Alma’s son, who served as high priest over the church in Zarahemla, also recognized that church leaders have a responsibility to take care of their people, just as a shepherd attends to the well-being of his or her sheep: “For what shepherd is there among you having many sheep doth not watch over them, that the wolves enter not and devour his flock?” (Alma 5:59). After delivering this sermon, “he ordained priests and elders, by laying on his hands according to the order of God, to preside and watch over the church” (Alma 6:1).

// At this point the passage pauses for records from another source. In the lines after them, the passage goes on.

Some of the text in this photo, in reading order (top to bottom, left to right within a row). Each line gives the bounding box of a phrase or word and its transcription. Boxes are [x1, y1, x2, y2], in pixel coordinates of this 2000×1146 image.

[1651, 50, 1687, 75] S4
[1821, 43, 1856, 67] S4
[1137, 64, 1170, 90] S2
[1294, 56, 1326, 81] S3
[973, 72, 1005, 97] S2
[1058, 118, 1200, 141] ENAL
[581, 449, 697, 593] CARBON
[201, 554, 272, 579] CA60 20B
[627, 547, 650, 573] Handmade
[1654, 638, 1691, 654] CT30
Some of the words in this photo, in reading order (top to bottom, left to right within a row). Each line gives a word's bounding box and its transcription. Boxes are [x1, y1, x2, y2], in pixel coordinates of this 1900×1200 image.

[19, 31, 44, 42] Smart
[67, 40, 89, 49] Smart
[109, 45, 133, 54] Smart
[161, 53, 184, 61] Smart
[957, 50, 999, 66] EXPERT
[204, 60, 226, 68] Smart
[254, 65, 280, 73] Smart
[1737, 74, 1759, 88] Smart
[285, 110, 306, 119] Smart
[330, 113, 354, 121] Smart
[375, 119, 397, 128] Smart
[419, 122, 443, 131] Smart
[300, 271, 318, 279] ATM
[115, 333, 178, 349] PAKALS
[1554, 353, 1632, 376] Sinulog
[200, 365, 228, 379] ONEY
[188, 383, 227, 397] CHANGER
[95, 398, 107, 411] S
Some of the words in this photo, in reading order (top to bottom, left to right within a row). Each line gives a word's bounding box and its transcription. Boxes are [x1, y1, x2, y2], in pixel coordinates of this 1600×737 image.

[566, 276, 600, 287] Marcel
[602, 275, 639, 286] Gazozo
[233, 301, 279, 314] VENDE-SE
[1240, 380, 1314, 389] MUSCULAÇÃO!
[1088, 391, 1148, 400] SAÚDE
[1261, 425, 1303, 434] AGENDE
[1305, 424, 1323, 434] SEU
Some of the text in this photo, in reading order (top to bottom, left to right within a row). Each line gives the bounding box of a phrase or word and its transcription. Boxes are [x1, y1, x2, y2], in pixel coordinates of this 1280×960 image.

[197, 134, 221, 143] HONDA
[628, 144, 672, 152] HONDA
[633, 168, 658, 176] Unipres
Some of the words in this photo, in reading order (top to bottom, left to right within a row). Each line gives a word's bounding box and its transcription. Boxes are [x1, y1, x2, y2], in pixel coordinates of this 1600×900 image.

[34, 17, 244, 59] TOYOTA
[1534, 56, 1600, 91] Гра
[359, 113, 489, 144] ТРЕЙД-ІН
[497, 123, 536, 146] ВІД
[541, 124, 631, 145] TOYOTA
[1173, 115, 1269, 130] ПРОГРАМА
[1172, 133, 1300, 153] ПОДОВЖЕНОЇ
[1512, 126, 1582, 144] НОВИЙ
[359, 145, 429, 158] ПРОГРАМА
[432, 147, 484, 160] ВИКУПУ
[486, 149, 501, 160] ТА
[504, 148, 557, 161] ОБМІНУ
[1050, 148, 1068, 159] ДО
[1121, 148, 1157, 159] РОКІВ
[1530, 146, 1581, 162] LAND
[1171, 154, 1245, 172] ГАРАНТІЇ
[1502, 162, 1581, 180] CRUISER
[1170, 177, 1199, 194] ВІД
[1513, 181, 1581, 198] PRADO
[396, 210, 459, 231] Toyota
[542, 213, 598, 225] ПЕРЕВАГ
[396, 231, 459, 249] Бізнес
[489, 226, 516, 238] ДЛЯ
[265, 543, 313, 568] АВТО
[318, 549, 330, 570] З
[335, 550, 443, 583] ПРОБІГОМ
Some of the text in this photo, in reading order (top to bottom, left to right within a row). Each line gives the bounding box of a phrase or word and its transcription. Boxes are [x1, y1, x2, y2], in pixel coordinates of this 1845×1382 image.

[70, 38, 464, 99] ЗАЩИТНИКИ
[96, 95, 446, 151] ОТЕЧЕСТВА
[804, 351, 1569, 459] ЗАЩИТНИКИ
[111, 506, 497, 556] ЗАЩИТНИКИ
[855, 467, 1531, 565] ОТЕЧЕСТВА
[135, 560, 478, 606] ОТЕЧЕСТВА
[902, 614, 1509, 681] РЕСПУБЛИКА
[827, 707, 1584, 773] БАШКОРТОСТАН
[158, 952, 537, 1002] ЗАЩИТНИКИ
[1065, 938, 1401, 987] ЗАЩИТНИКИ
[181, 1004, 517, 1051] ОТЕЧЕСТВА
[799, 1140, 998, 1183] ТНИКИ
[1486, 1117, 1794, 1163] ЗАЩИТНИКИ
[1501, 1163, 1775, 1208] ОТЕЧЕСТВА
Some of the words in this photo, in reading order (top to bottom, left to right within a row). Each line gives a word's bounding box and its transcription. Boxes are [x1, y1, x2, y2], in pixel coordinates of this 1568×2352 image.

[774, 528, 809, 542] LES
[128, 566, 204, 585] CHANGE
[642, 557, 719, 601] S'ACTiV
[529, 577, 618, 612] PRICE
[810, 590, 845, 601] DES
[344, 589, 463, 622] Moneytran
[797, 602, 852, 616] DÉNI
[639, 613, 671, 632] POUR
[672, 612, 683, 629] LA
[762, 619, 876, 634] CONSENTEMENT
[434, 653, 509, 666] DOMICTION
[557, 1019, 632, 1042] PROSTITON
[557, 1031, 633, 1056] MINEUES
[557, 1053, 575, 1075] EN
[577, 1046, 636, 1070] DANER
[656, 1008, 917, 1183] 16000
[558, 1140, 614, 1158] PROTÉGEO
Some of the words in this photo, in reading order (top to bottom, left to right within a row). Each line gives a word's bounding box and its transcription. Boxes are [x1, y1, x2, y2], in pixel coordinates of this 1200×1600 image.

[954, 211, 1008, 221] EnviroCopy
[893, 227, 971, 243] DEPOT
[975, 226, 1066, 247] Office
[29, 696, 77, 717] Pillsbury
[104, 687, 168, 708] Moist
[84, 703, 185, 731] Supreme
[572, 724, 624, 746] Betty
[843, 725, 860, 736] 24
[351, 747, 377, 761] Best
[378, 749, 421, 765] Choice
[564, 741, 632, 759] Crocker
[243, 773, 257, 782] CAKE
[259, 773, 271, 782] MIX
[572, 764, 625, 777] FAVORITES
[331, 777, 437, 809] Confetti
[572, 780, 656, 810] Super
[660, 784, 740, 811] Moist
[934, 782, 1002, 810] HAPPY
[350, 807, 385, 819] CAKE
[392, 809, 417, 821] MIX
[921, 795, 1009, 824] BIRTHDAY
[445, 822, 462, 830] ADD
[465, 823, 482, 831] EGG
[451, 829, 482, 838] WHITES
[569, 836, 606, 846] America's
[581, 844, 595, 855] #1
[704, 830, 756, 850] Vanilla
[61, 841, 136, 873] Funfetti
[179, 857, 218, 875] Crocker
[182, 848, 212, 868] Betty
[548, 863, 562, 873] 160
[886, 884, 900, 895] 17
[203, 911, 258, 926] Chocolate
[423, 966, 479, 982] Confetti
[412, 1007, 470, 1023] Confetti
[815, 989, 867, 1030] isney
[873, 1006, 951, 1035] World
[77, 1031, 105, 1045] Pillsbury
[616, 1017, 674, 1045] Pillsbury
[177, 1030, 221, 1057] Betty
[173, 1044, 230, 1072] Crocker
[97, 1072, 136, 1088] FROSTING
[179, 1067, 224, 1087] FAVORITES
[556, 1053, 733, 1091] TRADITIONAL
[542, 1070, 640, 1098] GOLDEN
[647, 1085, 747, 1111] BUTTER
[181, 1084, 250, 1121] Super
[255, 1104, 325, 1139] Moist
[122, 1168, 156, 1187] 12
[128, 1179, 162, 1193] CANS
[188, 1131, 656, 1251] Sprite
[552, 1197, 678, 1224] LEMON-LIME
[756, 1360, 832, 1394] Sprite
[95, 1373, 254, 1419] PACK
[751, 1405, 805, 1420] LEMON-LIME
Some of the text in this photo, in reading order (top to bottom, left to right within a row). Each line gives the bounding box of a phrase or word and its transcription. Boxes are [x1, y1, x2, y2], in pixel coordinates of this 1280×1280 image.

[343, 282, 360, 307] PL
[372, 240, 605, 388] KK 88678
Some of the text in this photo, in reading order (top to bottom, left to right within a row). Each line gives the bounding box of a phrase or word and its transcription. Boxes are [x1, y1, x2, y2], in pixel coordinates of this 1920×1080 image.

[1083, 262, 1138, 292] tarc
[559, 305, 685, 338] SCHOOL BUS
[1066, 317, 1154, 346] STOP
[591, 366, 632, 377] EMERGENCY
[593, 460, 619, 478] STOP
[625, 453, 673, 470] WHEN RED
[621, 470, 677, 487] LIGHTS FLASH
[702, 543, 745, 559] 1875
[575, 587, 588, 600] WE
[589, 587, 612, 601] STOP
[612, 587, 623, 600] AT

What does it mean to preside? The word is a combination of two Latin roots: prae, meaning “before,” and sedere, meaning “to sit.” The word literally means “to sit in front of.” I envision a person who presides facing the people they are responsible for, being with them, observing them, and being aware of them. A person who presides is engaged, attentive, and proactive.

The Family: A Proclamation to the World states that “fathers are to preside over their families in love and righteousness” and that “fathers and mothers are obligated to help one another as equal partners.” The General Handbook of The Church of Jesus Christ of Latter-day Saints explains this responsibility in more detail:

Presiding in the family is the responsibility to help lead family members back to dwell in God’s presence. This is done by serving and teaching with gentleness, meekness, and pure love, following the example of Jesus Christ (see Matthew 20:26–28). Presiding in the family includes leading family members in regular prayer, gospel study, and other aspects of worship. Parents work in unity to fulfill these responsibilities.

General Handbook, 2.1.3, “Parents and Children”

Today, I will strive, in unity with my wife, to preside in my home. I will spend time with my children, “sitting in front of” them, so that I can be aware of their needs and goals. I will be proactive in working to ensure their well-being and to facilitate their growth.